Feeding hoary plantain a high-nitrogen general feed and growing it in too little sun — you get a big leafy plant and almost no flowers.

The fix — how to get hoary plantain to flower

  1. Maximise sun. Give hoary plantain the sunniest spot you have — for most bedding and fruiting plants, more direct light directly means more flowers.
  2. Switch the feed. Move off high-nitrogen feeds and use a higher-potassium "bloom" or tomato-type feed as it comes into flower.
  3. Deadhead regularly. Remove spent flowers often to keep it producing more rather than stopping to set seed.
  4. Water consistently. Keep moisture even through budding and flowering — drought-then-flood swings make buds drop.

Light and feeding do most of the heavy lifting here. Dial in the spot with the light guide for hoary plantain and get the feeding right with the hoary plantain fertilising schedule — the wrong feed (too much nitrogen) is one of the most common silent reasons a healthy plant makes leaves instead of flowers.

Bloom season and what to expect

Hoary Plantain flowers across its growing season (mostly summer) and, kept fed and deadheaded, can bloom for many weeks or right up to frost.

Post-bloom care so it flowers again

Deadhead, keep feeding lightly, and many will rebloom; collect seed from the best plants at the end of the season if you want to grow them again.

For everything else this plant needs day to day, see the full hoary plantain care brief and its watering schedule — a stressed, badly watered plant rarely has the energy to flower at all.

Hoary Plantain blooming — frequently asked questions

Why won't my hoary plantain flower?

Hoary Plantain blooms on the season's growth given enough sun, warmth and the right feed — there is no cold or photoperiod trick, just good growing conditions and a bloom-leaning feed. The most common reason it is not happening: Too little sun — most of these need full sun (or very bright light) to flower well; shade gives leaves, not blooms.

How do I make hoary plantain bloom?

Give hoary plantain the sunniest spot you have — for most bedding and fruiting plants, more direct light directly means more flowers.

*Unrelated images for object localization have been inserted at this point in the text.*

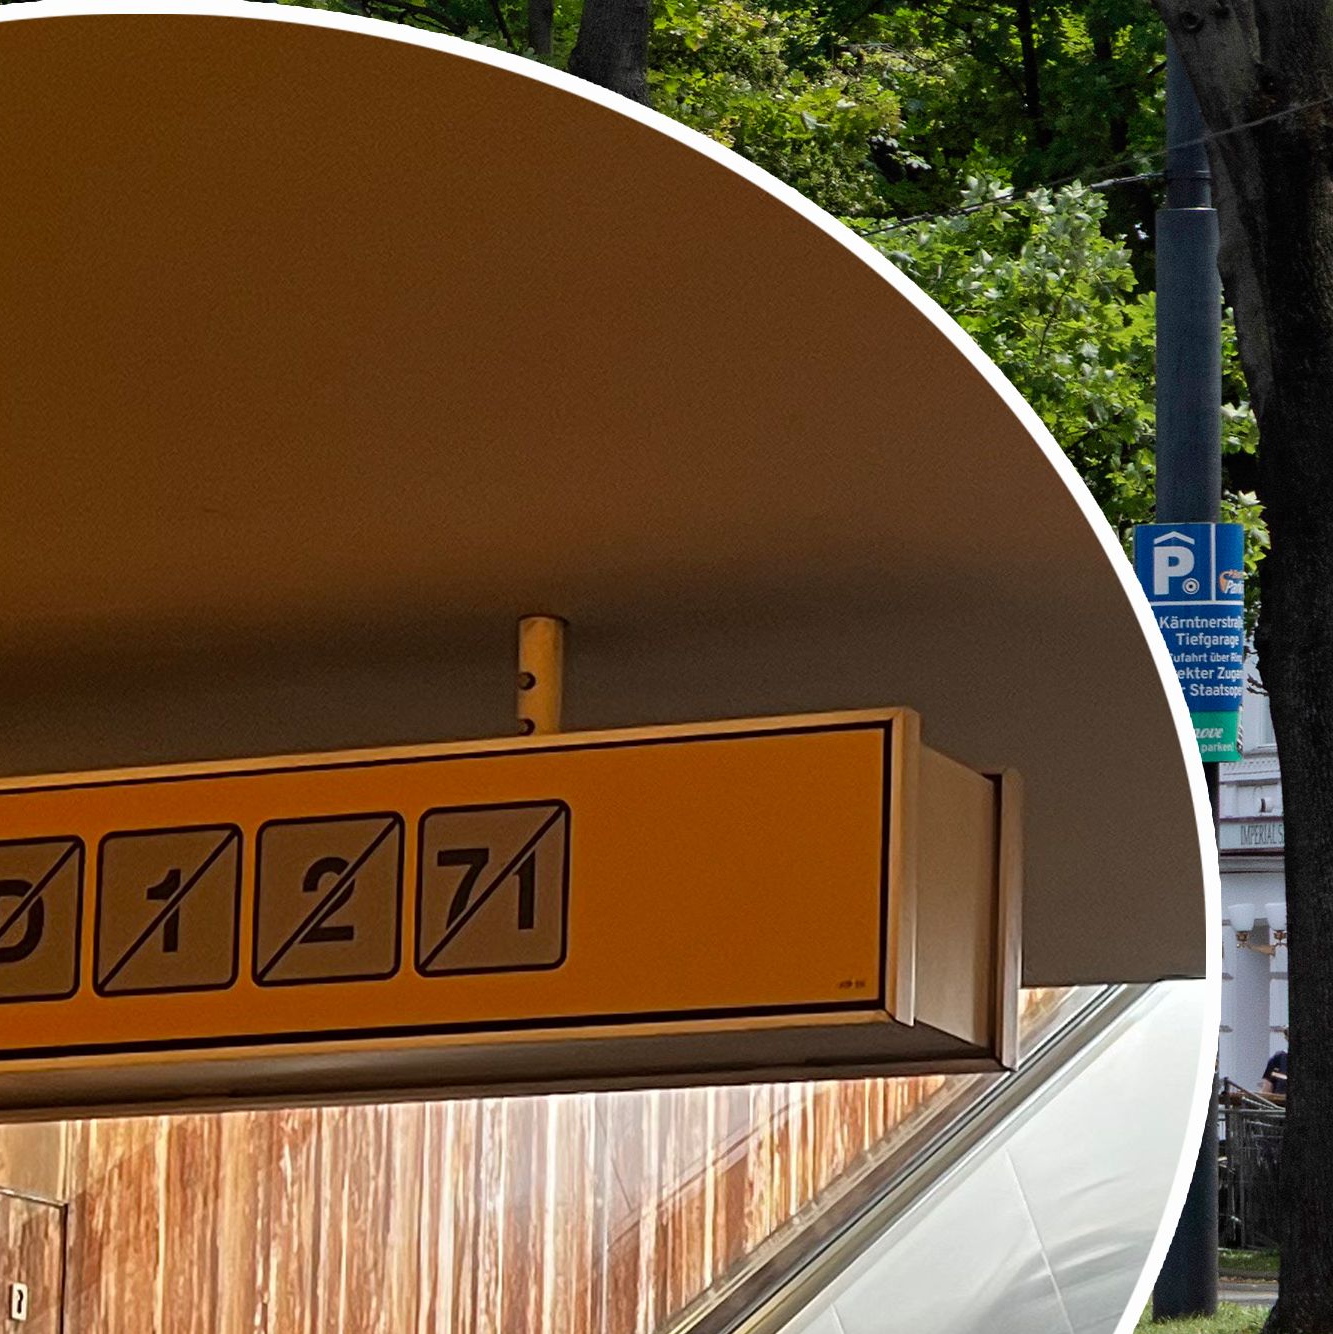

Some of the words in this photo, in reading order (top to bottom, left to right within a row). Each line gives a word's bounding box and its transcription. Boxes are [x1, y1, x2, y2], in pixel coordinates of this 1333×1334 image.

[1175, 632, 1240, 648] Tiefgarage
[1210, 652, 1229, 663] über
[1177, 666, 1215, 679] ekter
[1190, 684, 1242, 698] Staatsope
[1240, 823, 1277, 845] IMPERIAL
[146, 868, 182, 953] 1
[297, 856, 356, 944] 2
[436, 847, 536, 931] 71

Move off high-nitrogen feeds and use a higher-potassium "bloom" or tomato-type feed as it comes into flower.

When does hoary plantain normally bloom?

Hoary Plantain flowers across its growing season (mostly summer) and, kept fed and deadheaded, can bloom for many weeks or right up to frost.

What should I do with hoary plantain after it flowers?

Deadhead, keep feeding lightly, and many will rebloom; collect seed from the best plants at the end of the season if you want to grow them again.

What is the single biggest mistake stopping hoary plantain flowering?

Feeding hoary plantain a high-nitrogen general feed and growing it in too little sun — you get a big leafy plant and almost no flowers.